WORK TO BE COMPLETED -> Where an entry contains a picture, skip the picture and write out everything else exactly.

DATA FOR THE TASK ->
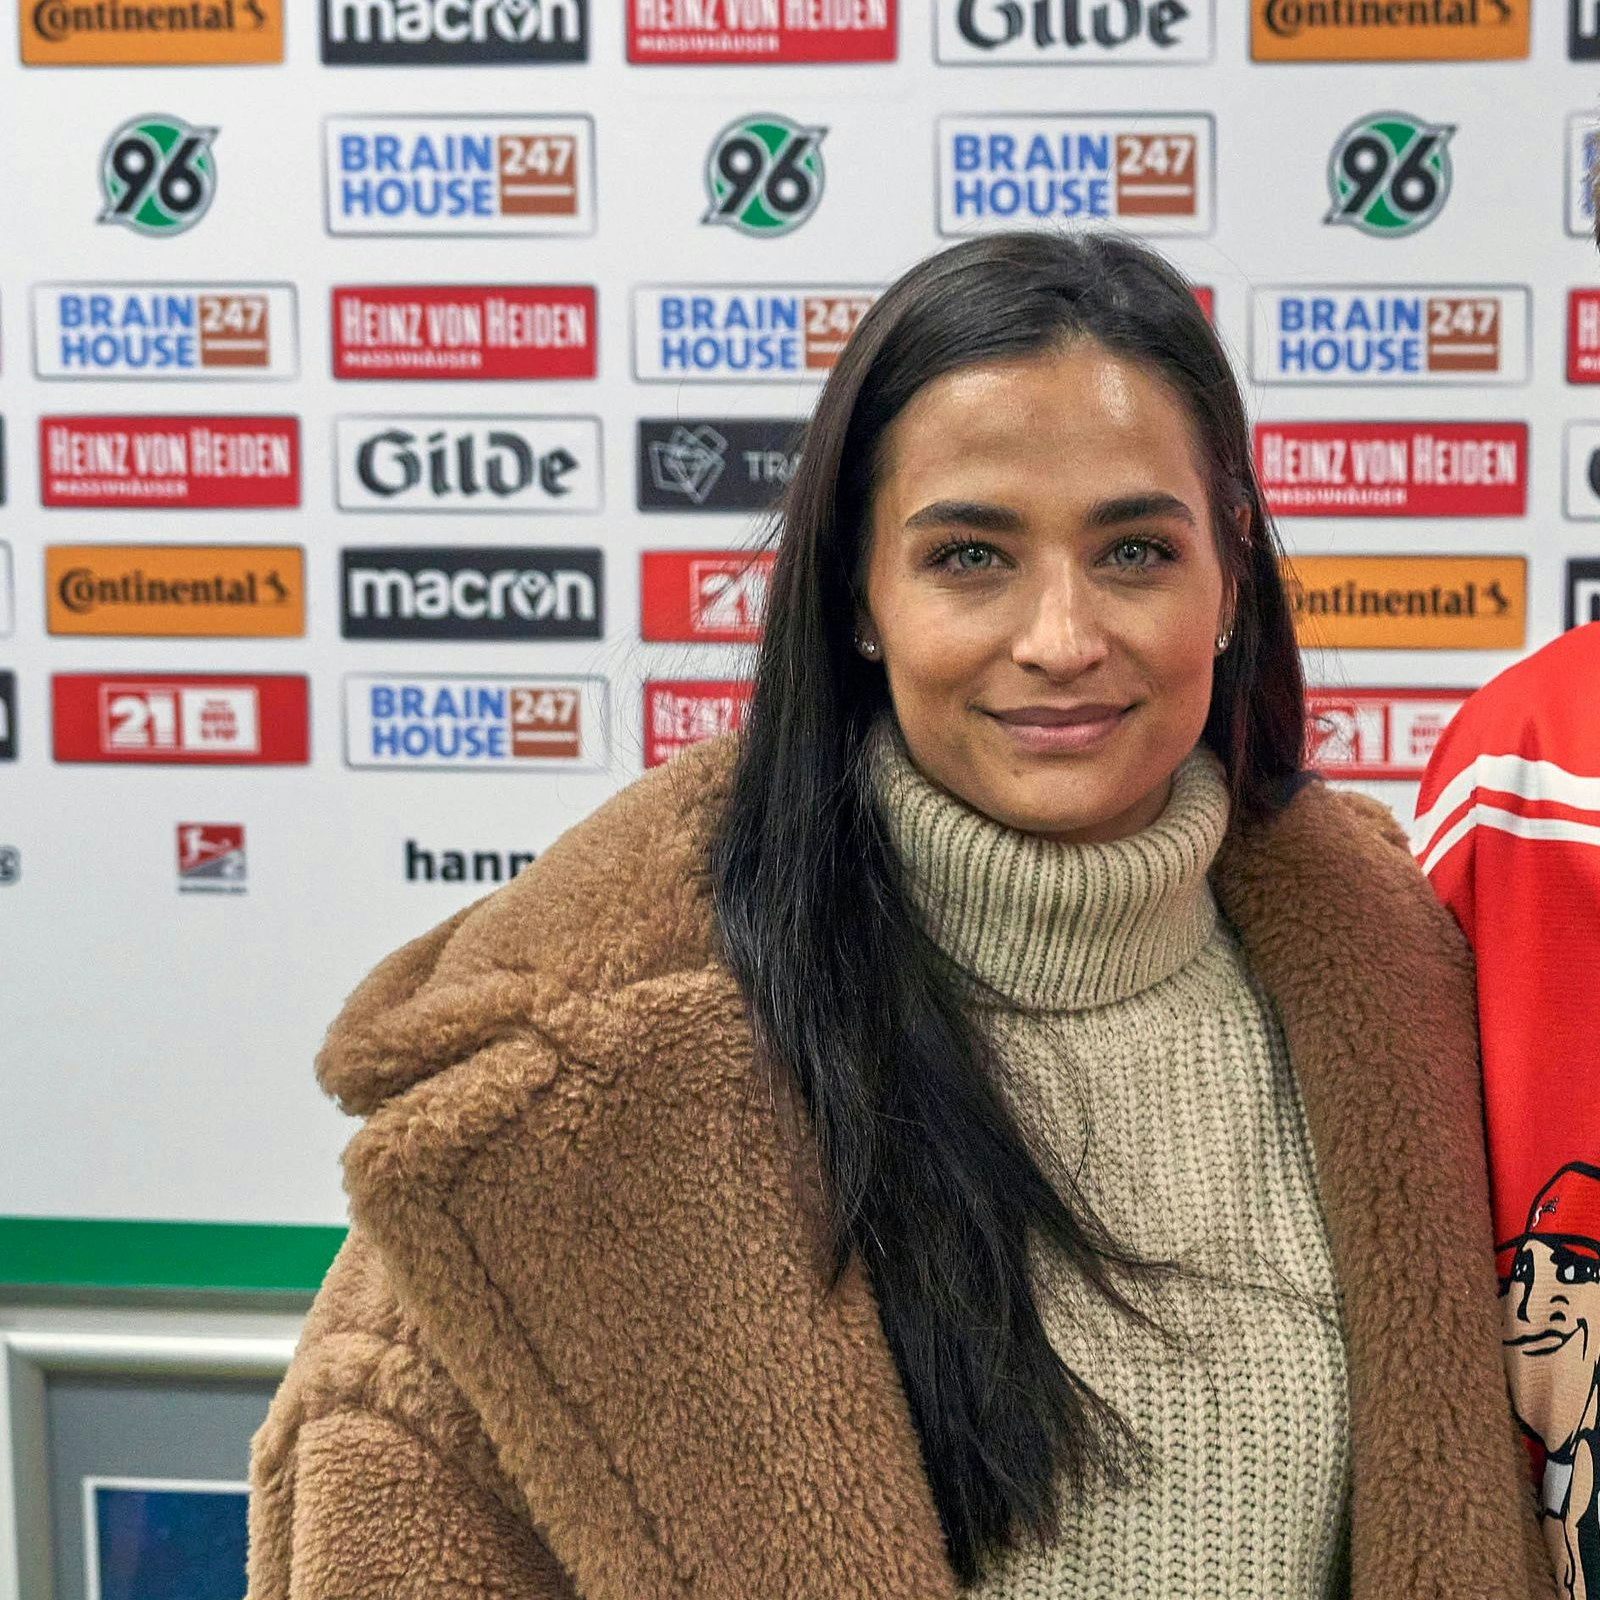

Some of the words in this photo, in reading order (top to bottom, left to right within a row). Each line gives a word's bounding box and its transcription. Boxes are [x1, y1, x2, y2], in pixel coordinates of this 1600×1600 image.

[723, 0, 779, 31] VON
[340, 134, 493, 173] BRAIN
[501, 139, 573, 176] 247
[952, 134, 1110, 173] BRAIN
[1119, 139, 1191, 176] 247
[1342, 135, 1438, 214] 96
[111, 137, 204, 214] 96
[716, 137, 812, 214] 96
[341, 180, 493, 217] HOUSE
[952, 180, 1110, 217] HOUSE
[59, 294, 194, 329] BRAIN
[204, 299, 265, 332] 247
[340, 297, 422, 347] HEINZ
[426, 304, 482, 347] VON
[485, 297, 587, 347] HEIDEN
[660, 295, 797, 330] BRAIN
[1279, 298, 1420, 332] BRAIN
[1429, 302, 1495, 335] 247
[60, 334, 194, 369] HOUSE
[661, 336, 797, 370] HOUSE
[1279, 339, 1420, 372] HOUSE
[50, 427, 129, 476] HEINZ
[132, 433, 188, 476] VON
[190, 428, 290, 477] HEIDEN
[357, 428, 579, 498] Gilde
[1262, 434, 1346, 484] HEINZ
[1351, 440, 1407, 484] VON
[1412, 434, 1517, 485] HEIDEN
[59, 568, 257, 614] Continental
[349, 568, 594, 620] macron
[1296, 580, 1476, 616] ntinental
[111, 694, 176, 747] 21
[370, 686, 504, 718] BRAIN
[513, 692, 575, 724] 247
[371, 726, 504, 758] HOUSE
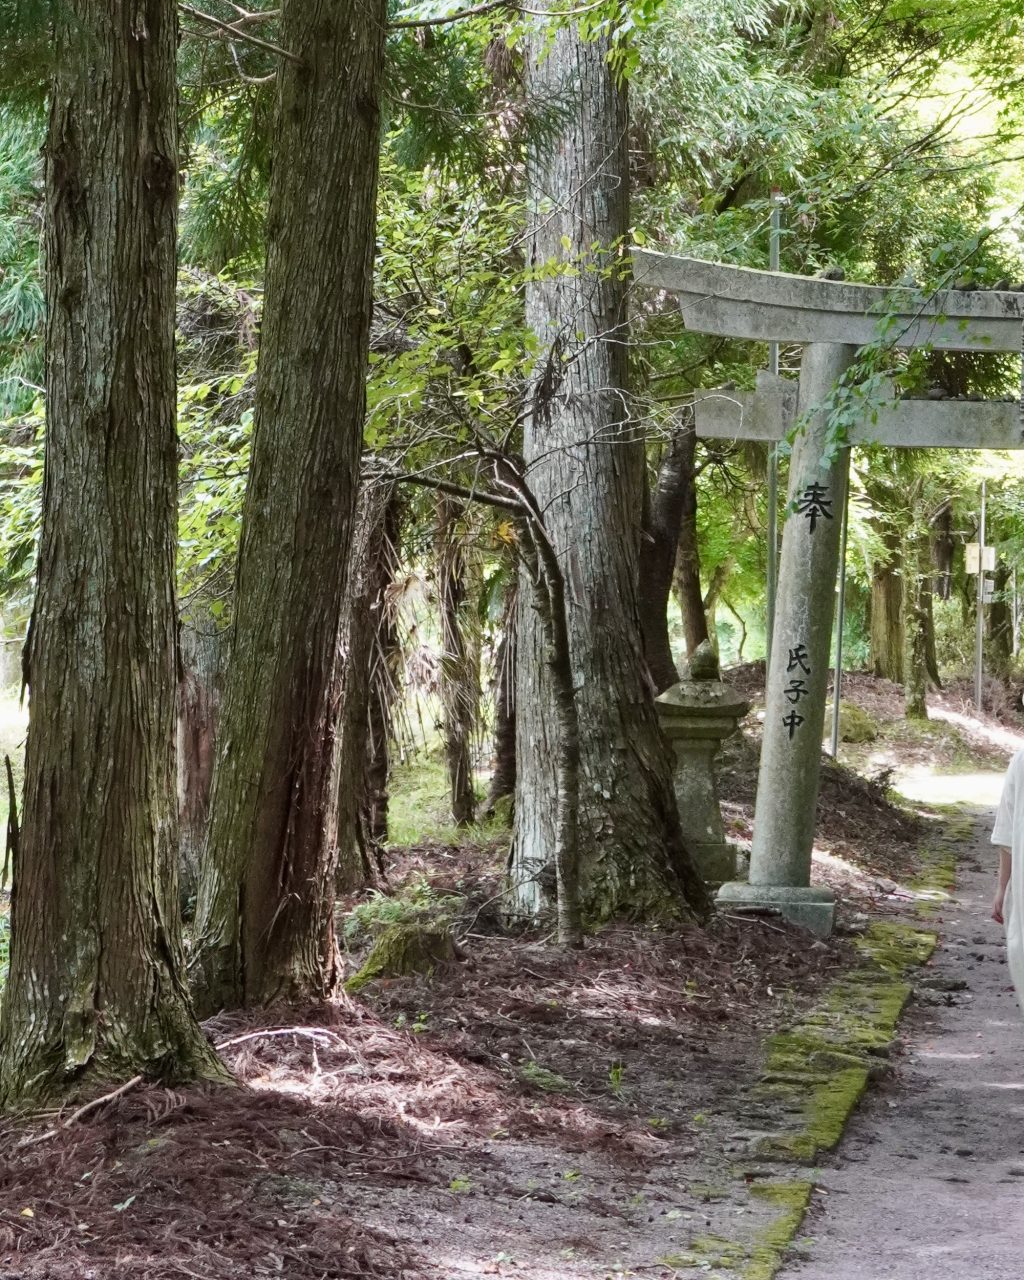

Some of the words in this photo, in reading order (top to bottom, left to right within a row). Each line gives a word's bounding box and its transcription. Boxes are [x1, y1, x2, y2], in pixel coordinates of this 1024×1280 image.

REPLY ->
Some of the words in this photo, in reading order (top to bottom, left to right within a row). Each line gives a word's bounding box and its transcription. Boxes are [x1, y1, x2, y2], in pixel coordinates of this 1600×1600 image.

[723, 0, 779, 31] VON
[340, 134, 493, 173] BRAIN
[501, 139, 573, 176] 247
[952, 134, 1110, 173] BRAIN
[1119, 139, 1191, 176] 247
[1342, 135, 1438, 214] 96
[111, 137, 204, 214] 96
[716, 137, 812, 214] 96
[341, 180, 493, 217] HOUSE
[952, 180, 1110, 217] HOUSE
[59, 294, 194, 329] BRAIN
[204, 299, 265, 332] 247
[340, 297, 422, 347] HEINZ
[426, 304, 482, 347] VON
[485, 297, 587, 347] HEIDEN
[660, 295, 797, 330] BRAIN
[1279, 298, 1420, 332] BRAIN
[1429, 302, 1495, 335] 247
[60, 334, 194, 369] HOUSE
[661, 336, 797, 370] HOUSE
[1279, 339, 1420, 372] HOUSE
[50, 427, 129, 476] HEINZ
[132, 433, 188, 476] VON
[190, 428, 290, 477] HEIDEN
[357, 428, 579, 498] Gilde
[1262, 434, 1346, 484] HEINZ
[1351, 440, 1407, 484] VON
[1412, 434, 1517, 485] HEIDEN
[59, 568, 257, 614] Continental
[349, 568, 594, 620] macron
[1296, 580, 1476, 616] ntinental
[111, 694, 176, 747] 21
[370, 686, 504, 718] BRAIN
[513, 692, 575, 724] 247
[371, 726, 504, 758] HOUSE

Some of the words in this photo, in reading order (top to bottom, left to right within a row). Each line gives a word's bounding box and its transcription. Boxes are [x1, y1, x2, y2], in pixel coordinates of this 1024×1280 image.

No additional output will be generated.